MZ MΦ and B-cell activation are increased in lupus-prone mice lacking myeloid GCN2 function. (A) Splenocyte numbers from 6-mo-old mice of the indicated genotype. (B) Representative Western blot of whole spleen lysate from two mice per group described in A. m, mouse. (C–E) Flow cytometry analysis of groups described in A. In D, B-cell plots shown are gated on a B220⁺ population. Graphs in E are gated on the markers indicated above. Bars represent mean ± SD values for eight mice. *P < 0.05, **P < 0.01, Student’s t test. ns, not significant.
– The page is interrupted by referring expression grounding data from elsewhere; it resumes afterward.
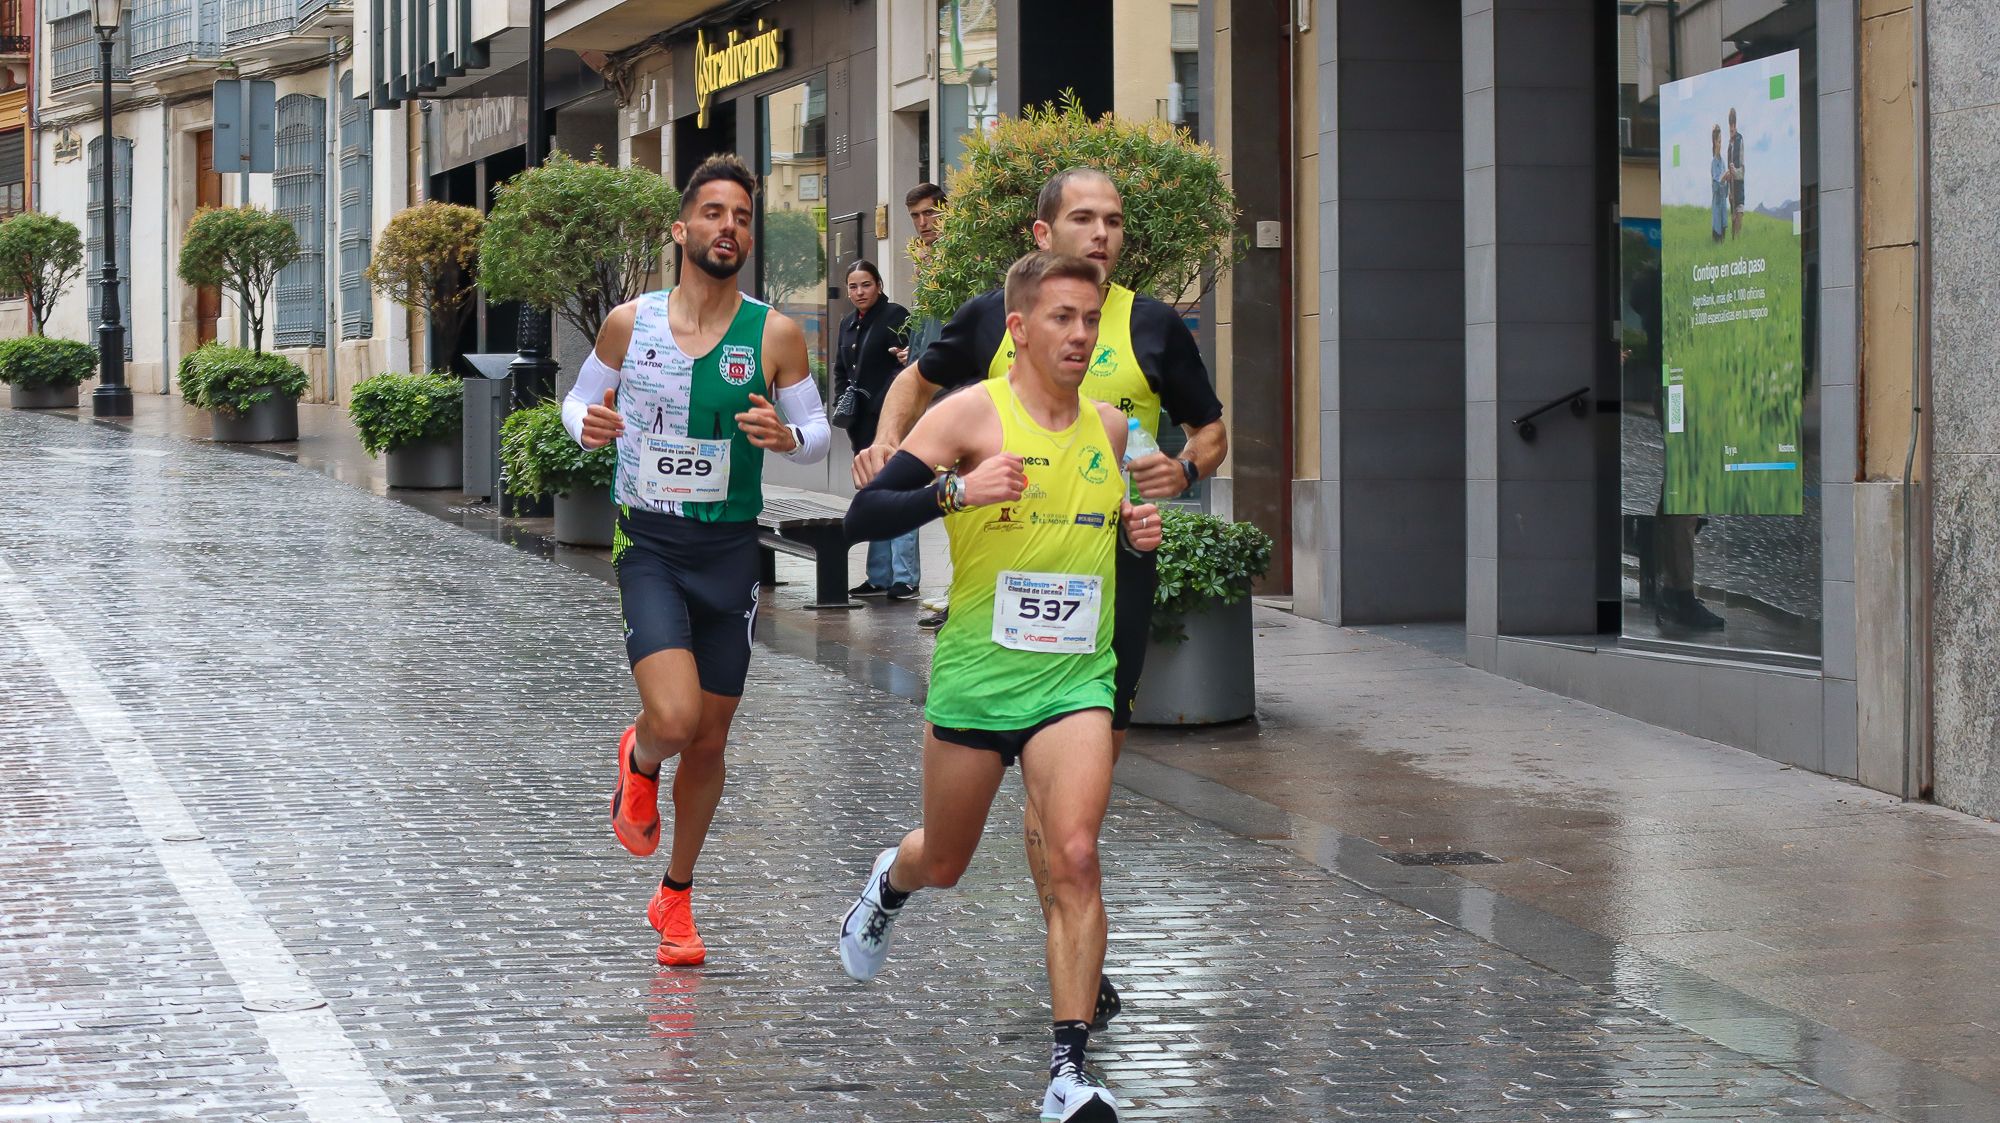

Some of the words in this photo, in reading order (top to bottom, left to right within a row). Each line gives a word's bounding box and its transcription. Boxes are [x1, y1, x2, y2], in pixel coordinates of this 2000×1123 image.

[1693, 262, 1720, 284] Contigo
[1720, 264, 1730, 278] en
[1730, 256, 1747, 276] cada
[1748, 258, 1766, 278] paso
[1726, 289, 1734, 302] de
[1747, 286, 1766, 300] oficinas
[1708, 310, 1736, 324] especialistas
[1749, 305, 1769, 321] negocio
[637, 360, 662, 369] VIATOR
[657, 457, 713, 477] 629
[1008, 586, 1030, 594] Ciudad
[1018, 597, 1081, 622] 537
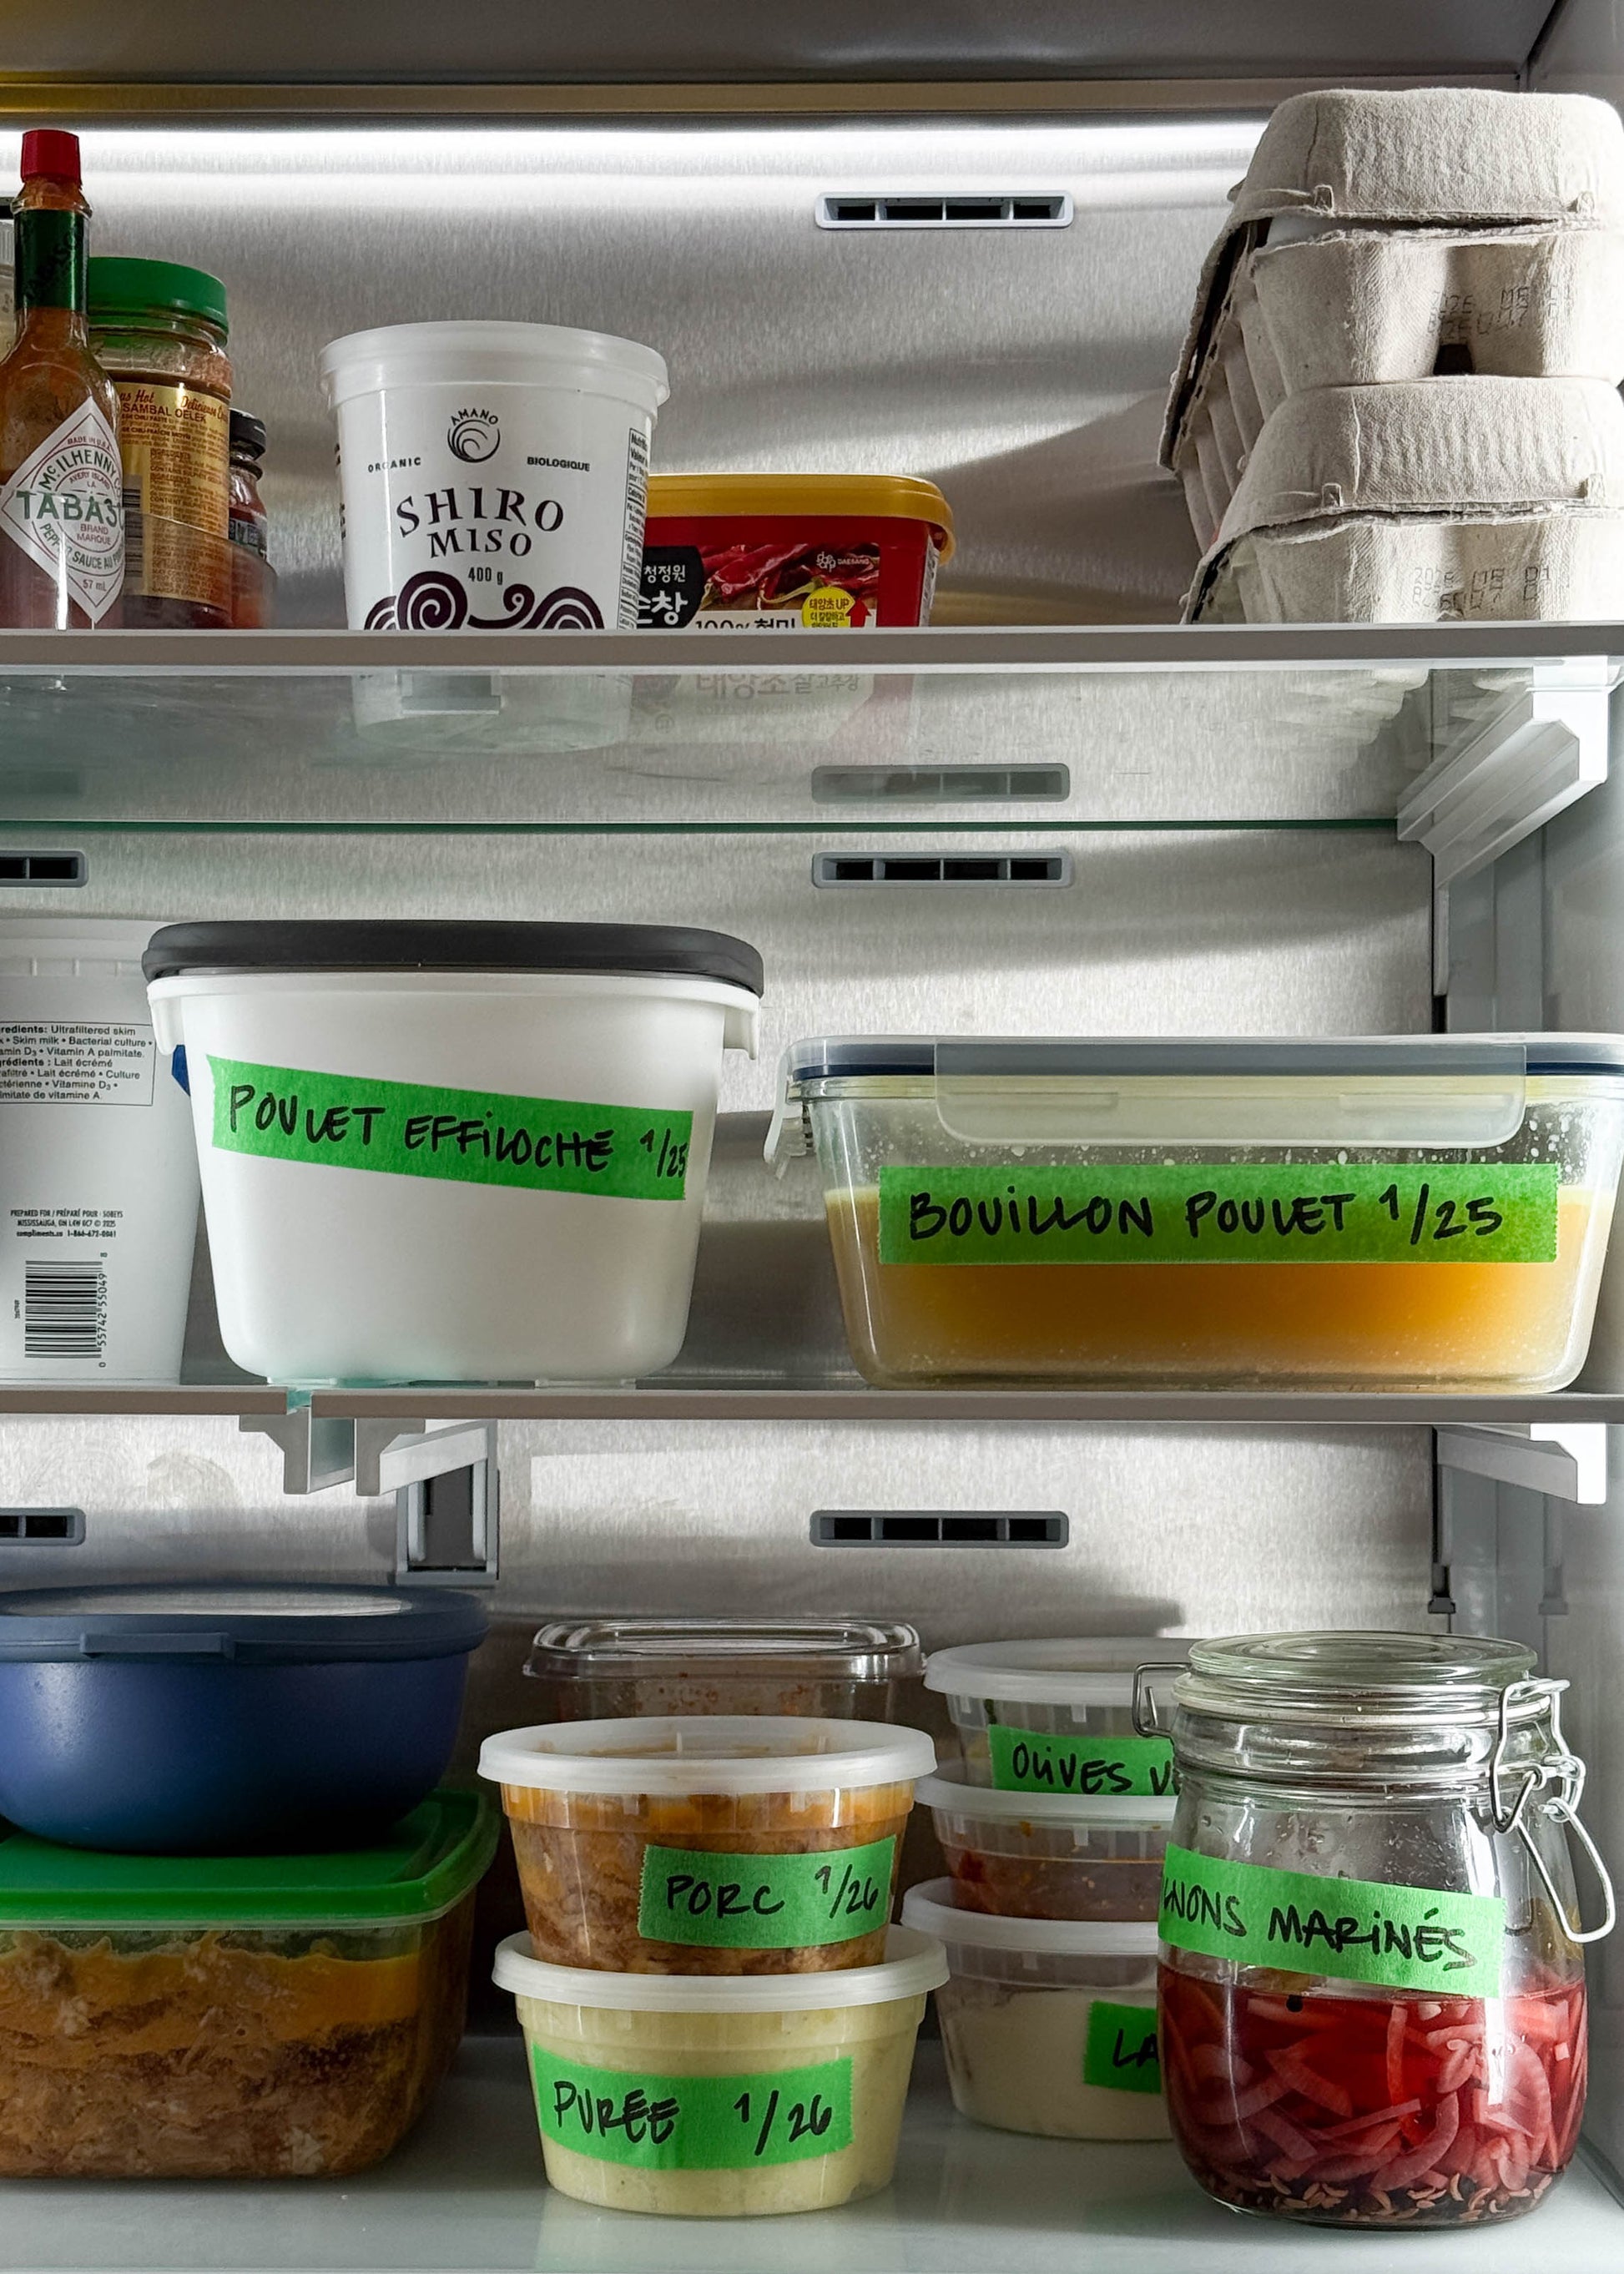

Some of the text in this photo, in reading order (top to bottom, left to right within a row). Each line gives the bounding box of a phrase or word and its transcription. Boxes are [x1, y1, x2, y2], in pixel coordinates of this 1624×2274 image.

[123, 402, 172, 417] SAMBAL
[174, 408, 207, 424] OELEK
[451, 408, 498, 426] AMANO
[368, 456, 590, 472] ORGANIC BIOLOGIQUE
[69, 472, 89, 484] AVERY
[396, 487, 563, 537] SHIRO
[81, 523, 108, 534] BRAND
[77, 533, 112, 546] MARQUE
[427, 528, 532, 558] MISO
[73, 552, 102, 569] SAUCE
[468, 567, 503, 585] 400 g
[644, 565, 686, 583] 청정원
[83, 579, 93, 588] 57
[836, 597, 850, 609] UP
[1, 1026, 135, 1036] redients: Ultrafiltered skim
[13, 1036, 36, 1045] Skim
[39, 1036, 58, 1045] milk
[68, 1036, 112, 1046] Bacterial
[114, 1038, 146, 1047] culture
[47, 1046, 84, 1056] Vitamin
[88, 1047, 95, 1056] A
[54, 1057, 73, 1066] Lait
[76, 1056, 113, 1068] écrémé
[1, 1067, 140, 1080] afiltré Lait écrémé Culture
[52, 1079, 95, 1089] Vitamine
[33, 1091, 45, 1100] de
[48, 1091, 89, 1100] vitamine
[640, 1128, 688, 1179] 1/25
[83, 1209, 98, 1218] POUR
[1186, 1192, 1355, 1238] POULET
[1379, 1183, 1503, 1245] 1/25
[98, 1273, 108, 1307] 55049
[97, 1313, 107, 1347] 55742
[667, 1863, 880, 1920] PORC 1/26
[734, 2088, 833, 2157] 1/26
Experiments were repeated four times, with similar results.

Fig. 4.

GCN2 limits inflammatory cytokine production and systemic autoimmune disease in lupus-prone mice. (A) SignR1⁺ MZ MΦs were sorted from 6-mo-old mice of the indicated genotype by FACS and cytokine message for the indicated species was determined by sqPCR. (B) Whole spleen lysates from 6-mo-old mice of the indicated genotype were collected, and cytokine protein concentrations were determined by ELISA. (C) Total serum IgG from 6-mo-old mice was measured by ELISA. (D) Serum was collected monthly from mice at the indicated ages, and IgG reactivity against dsDNA was measured by ELISA. (E) Urine was collected from 6- to 7- mo-old mice, and protein concentrations were measured as described in Materials and Methods. (F) Survival for mice of the indicated genotype over a 12-mo period was monitored. In A, bars represent the value for pooled samples from four mice. In B and C, bars represent mean ± SD values for eight mice. In D and E, graphs show mean ± SD values for eight mice. In F, n = 10 mice per group, and significance was determined as described in Materials and Methods. *P < 0.05, **P <0.01, ***P < 0.0001, Student’s t test. ns, not significant. Experiments were repeated three times, with similar results, with the exception of the experiment shown in F, which was repeated twice.

Fig. S5.

Renal pathology is increased in lupus-prone mice with deficiencies in myeloid GCN2 function. Kidneys were collected from 6-mo-old female mice of the indicated genotype. (A) Representative PAS-stained sections from the mice. (B) Tubular and glomerular pathology scores from mice in A determined as described in SI Materials and Methods. (C) Kidney cryosections from mice were stained for for IgG, IgM, complement C3, and F4/80. n = 6 mice/group. (Scale bar: 100 μm.)

Fig. S6.

Schematic for the experimental approach in Fig. S7A.

Fig. S7.

Autoimmunity is accelerated in myeloid GCN2KO mice exposed to apoptotic cells. (A) 3-mo-old mice of the indicated genotype were injected with 10⁷ B6 apoptotic cells once weekly (four times total). Serum was collected at the indicated time points, and concentrations of total IgG reactive against dsDNA as a marker of systemic autoimmunity were determined by ELISA. (B) R2B and R2B GCN2^flLysM^cre mice were given HF injections i.p. as described in SI Materials and Methods for a period of 2 mo, after which serum was collected and IgG reactivity to dsDNA was measured by ELISA. In one experimental condition, mice were given the IDO1 inhibitor D1MT ad libitum in drinking water and examined for the impact on autoimmune disease with and without HF treatment. For both experiments, n = 7 mice/group. *P < 0.05, **P < 0.01, Student’s t test. ns, not significant. Experiments were repeated three times, with similar results.